## TASK PROMPT
Your task is to reproduce exactly the lines from the line with "this 1400×1750 image." through the end of the records below.

## EXTRACTED ENTRIES

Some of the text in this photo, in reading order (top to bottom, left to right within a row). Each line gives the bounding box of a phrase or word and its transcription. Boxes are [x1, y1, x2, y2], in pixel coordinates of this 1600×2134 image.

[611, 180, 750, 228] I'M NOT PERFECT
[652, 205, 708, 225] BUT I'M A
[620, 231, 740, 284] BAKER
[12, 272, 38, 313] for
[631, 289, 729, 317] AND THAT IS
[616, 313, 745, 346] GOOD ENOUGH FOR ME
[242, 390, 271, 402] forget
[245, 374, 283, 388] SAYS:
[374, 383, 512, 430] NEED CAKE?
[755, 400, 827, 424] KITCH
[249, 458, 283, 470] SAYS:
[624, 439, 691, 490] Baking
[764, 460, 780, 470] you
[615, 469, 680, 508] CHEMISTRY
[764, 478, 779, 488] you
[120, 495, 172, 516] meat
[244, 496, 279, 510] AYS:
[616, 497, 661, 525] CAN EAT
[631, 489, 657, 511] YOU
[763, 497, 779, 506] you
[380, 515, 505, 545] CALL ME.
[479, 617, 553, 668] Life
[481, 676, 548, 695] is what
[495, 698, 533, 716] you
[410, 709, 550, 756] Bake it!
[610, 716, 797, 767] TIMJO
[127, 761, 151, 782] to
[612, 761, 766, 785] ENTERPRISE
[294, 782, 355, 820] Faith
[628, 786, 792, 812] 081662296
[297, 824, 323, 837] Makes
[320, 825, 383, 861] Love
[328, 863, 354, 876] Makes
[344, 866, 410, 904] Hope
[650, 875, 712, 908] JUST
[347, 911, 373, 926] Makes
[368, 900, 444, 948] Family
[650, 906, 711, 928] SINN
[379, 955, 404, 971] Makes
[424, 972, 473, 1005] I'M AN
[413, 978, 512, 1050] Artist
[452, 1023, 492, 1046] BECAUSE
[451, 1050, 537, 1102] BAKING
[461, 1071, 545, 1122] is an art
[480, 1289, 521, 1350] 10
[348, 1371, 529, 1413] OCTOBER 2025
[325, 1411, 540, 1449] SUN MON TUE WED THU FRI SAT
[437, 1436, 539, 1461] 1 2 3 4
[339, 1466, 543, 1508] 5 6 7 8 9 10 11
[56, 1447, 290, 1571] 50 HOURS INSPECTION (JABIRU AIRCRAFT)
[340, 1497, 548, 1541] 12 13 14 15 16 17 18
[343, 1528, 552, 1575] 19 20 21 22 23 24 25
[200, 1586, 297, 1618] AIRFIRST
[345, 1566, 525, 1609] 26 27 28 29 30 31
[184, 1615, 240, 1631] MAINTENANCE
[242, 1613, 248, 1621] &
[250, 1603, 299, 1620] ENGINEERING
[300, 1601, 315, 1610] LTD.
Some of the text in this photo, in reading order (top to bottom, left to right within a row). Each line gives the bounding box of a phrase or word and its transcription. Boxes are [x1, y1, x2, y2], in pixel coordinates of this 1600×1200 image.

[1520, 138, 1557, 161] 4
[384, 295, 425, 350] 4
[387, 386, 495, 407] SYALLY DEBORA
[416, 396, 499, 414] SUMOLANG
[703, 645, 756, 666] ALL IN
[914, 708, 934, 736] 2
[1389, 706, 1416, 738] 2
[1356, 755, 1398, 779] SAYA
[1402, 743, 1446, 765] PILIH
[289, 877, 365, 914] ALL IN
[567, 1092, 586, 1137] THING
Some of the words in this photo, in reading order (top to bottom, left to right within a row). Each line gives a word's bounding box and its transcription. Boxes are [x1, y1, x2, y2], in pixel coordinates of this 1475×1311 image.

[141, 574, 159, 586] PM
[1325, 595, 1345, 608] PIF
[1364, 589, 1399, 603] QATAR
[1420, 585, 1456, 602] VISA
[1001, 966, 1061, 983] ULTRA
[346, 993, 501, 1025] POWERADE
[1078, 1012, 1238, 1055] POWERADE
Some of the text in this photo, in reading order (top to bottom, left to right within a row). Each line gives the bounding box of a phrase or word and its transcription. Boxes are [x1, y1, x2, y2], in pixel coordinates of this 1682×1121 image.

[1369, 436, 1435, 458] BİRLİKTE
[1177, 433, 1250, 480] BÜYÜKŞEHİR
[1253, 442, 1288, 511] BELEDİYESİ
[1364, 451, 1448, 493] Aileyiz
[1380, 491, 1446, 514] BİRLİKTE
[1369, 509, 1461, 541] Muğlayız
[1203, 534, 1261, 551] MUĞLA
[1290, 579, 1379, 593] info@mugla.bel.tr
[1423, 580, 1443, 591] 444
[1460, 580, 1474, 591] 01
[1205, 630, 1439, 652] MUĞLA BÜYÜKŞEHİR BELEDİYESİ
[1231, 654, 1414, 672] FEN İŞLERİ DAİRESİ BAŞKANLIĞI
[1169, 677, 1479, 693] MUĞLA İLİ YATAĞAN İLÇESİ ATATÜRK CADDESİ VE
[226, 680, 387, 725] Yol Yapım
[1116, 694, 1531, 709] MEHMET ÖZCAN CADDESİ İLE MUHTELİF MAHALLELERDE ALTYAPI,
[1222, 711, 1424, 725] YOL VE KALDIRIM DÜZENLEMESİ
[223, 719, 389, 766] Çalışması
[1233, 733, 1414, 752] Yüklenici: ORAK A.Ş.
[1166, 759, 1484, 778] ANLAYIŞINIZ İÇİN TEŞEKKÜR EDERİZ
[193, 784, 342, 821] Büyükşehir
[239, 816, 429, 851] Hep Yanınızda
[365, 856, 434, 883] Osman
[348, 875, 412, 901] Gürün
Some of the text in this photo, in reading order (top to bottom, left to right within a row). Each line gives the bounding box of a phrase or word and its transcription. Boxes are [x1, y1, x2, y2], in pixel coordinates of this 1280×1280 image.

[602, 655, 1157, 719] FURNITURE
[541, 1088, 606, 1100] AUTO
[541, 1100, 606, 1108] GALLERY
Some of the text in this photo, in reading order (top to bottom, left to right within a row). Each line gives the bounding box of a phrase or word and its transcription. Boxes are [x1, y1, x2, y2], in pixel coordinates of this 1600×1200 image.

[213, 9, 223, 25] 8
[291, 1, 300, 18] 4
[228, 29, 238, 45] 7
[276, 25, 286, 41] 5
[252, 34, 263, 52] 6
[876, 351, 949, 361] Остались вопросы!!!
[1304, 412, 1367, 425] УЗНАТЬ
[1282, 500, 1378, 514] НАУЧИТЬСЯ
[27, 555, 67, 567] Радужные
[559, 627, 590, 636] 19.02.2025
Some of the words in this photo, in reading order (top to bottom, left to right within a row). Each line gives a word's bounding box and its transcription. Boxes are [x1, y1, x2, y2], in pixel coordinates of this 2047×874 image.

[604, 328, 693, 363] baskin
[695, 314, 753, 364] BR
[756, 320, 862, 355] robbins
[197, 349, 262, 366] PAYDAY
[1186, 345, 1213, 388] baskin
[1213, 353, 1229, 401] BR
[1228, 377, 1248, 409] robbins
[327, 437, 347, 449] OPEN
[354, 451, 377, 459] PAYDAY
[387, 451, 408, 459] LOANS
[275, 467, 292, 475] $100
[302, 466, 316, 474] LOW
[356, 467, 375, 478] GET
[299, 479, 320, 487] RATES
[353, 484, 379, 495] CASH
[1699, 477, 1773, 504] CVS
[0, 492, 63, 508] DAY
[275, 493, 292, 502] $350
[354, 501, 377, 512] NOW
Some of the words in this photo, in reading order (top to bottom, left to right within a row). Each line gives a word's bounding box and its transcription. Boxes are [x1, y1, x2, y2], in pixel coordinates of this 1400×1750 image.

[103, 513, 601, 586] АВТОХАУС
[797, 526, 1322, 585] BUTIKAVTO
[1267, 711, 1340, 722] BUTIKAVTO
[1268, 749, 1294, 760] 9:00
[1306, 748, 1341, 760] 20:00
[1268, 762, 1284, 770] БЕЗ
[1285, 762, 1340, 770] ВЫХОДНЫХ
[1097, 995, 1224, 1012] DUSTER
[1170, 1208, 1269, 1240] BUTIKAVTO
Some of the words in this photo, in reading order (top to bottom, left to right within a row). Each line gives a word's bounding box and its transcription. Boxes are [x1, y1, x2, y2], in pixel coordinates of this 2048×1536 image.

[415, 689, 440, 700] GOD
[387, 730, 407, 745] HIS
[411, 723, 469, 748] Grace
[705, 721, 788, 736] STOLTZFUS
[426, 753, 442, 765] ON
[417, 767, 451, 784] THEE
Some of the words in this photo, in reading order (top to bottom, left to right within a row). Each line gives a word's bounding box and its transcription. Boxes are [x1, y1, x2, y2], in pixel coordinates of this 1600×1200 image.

## SOLUTION FOR THIS TASK
Some of the words in this photo, in reading order (top to bottom, left to right within a row). Each line gives a word's bounding box and its transcription. Boxes are [x1, y1, x2, y2], in pixel coordinates of this 1400×1750 image.

[103, 513, 601, 586] АВТОХАУС
[797, 526, 1322, 585] BUTIKAVTO
[1267, 711, 1340, 722] BUTIKAVTO
[1268, 749, 1294, 760] 9:00
[1306, 748, 1341, 760] 20:00
[1268, 762, 1284, 770] БЕЗ
[1285, 762, 1340, 770] ВЫХОДНЫХ
[1097, 995, 1224, 1012] DUSTER
[1170, 1208, 1269, 1240] BUTIKAVTO
Some of the words in this photo, in reading order (top to bottom, left to right within a row). Each line gives a word's bounding box and its transcription. Boxes are [x1, y1, x2, y2], in pixel coordinates of this 2048×1536 image.

[415, 689, 440, 700] GOD
[387, 730, 407, 745] HIS
[411, 723, 469, 748] Grace
[705, 721, 788, 736] STOLTZFUS
[426, 753, 442, 765] ON
[417, 767, 451, 784] THEE
Some of the words in this photo, in reading order (top to bottom, left to right within a row). Each line gives a word's bounding box and its transcription. Boxes are [x1, y1, x2, y2], in pixel coordinates of this 1600×1200 image.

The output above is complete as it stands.